> _Exercise details_
The required result is an exact copy of the lines beginning at the line that contains "Some of the text" and ending at the last line of the material below.

> _Dataset excerpts_
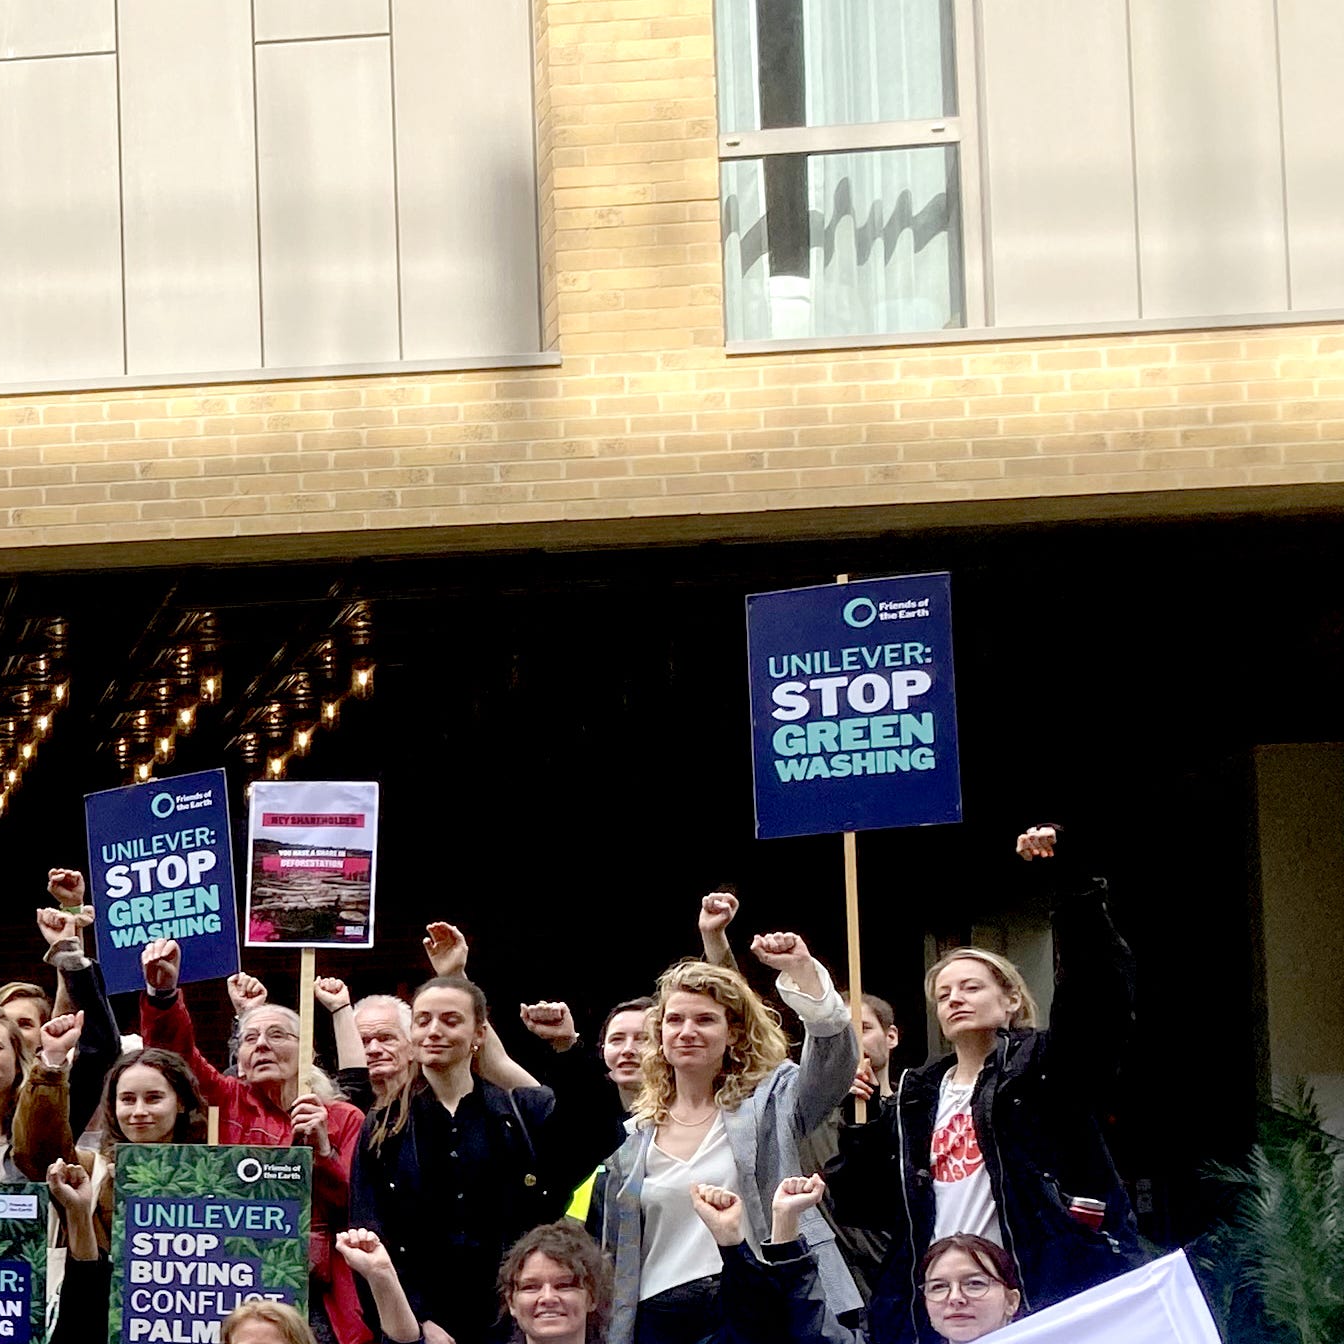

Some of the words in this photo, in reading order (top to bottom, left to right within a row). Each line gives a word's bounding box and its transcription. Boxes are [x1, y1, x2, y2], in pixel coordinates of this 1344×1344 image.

[879, 599, 917, 611] Friends
[918, 598, 929, 607] of
[879, 611, 897, 621] the
[898, 608, 929, 619] Earth
[768, 642, 933, 679] UNILEVER:
[771, 670, 932, 722] STOP
[772, 711, 935, 757] GREEN
[774, 747, 936, 783] WASHING
[175, 793, 203, 804] Friends
[203, 789, 213, 799] of
[176, 801, 190, 812] the
[190, 798, 213, 810] Earth
[101, 826, 217, 865] UNILEVER:
[278, 849, 292, 857] YOU
[105, 849, 217, 900] STOP
[279, 858, 344, 868] DEFORESTATION
[107, 884, 221, 929] GREEN
[109, 913, 222, 949] WASHING
[264, 1163, 291, 1172] Friends
[292, 1164, 301, 1172] of
[264, 1171, 277, 1179] the
[278, 1172, 301, 1180] Earth
[133, 1203, 291, 1235] UNILEVER,
[131, 1232, 219, 1257] STOP
[130, 1260, 254, 1287] BUYING
[129, 1318, 222, 1344] PALM
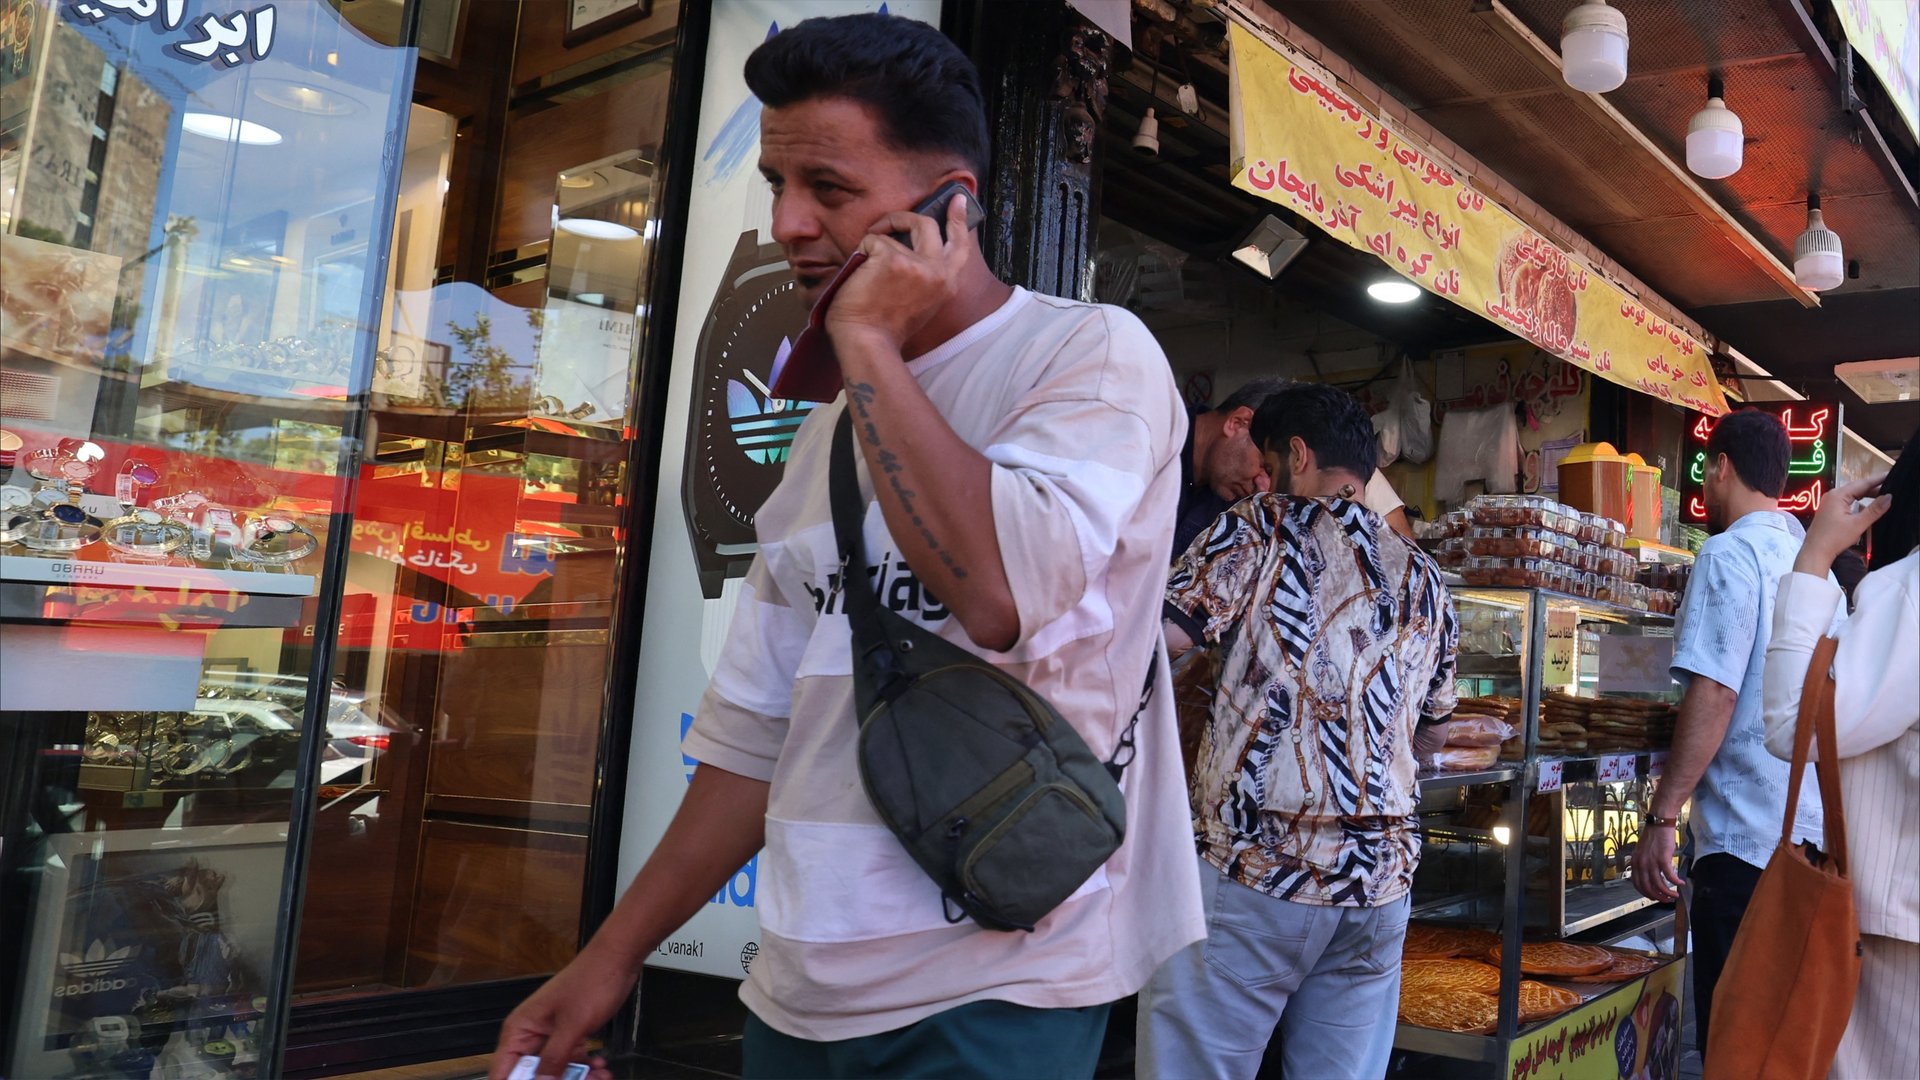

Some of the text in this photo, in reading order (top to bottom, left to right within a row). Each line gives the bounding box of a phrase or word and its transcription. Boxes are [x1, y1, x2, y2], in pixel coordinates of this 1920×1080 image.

[1248, 160, 1362, 233] آذربایجان
[1422, 210, 1461, 251] انواع
[1434, 270, 1460, 295] نان
[1567, 269, 1588, 292] نان
[1620, 299, 1695, 357] کلوچه اصل فومن
[1595, 350, 1612, 372] نان
[1690, 370, 1708, 388] نان
[51, 563, 105, 576] OBAKU

> _Task answer_
Some of the text in this photo, in reading order (top to bottom, left to right within a row). Each line gives the bounding box of a phrase or word and its transcription. Boxes are [x1, y1, x2, y2], in pixel coordinates of this 1920×1080 image.

[1248, 160, 1362, 233] آذربایجان
[1422, 210, 1461, 251] انواع
[1434, 270, 1460, 295] نان
[1567, 269, 1588, 292] نان
[1620, 299, 1695, 357] کلوچه اصل فومن
[1595, 350, 1612, 372] نان
[1690, 370, 1708, 388] نان
[51, 563, 105, 576] OBAKU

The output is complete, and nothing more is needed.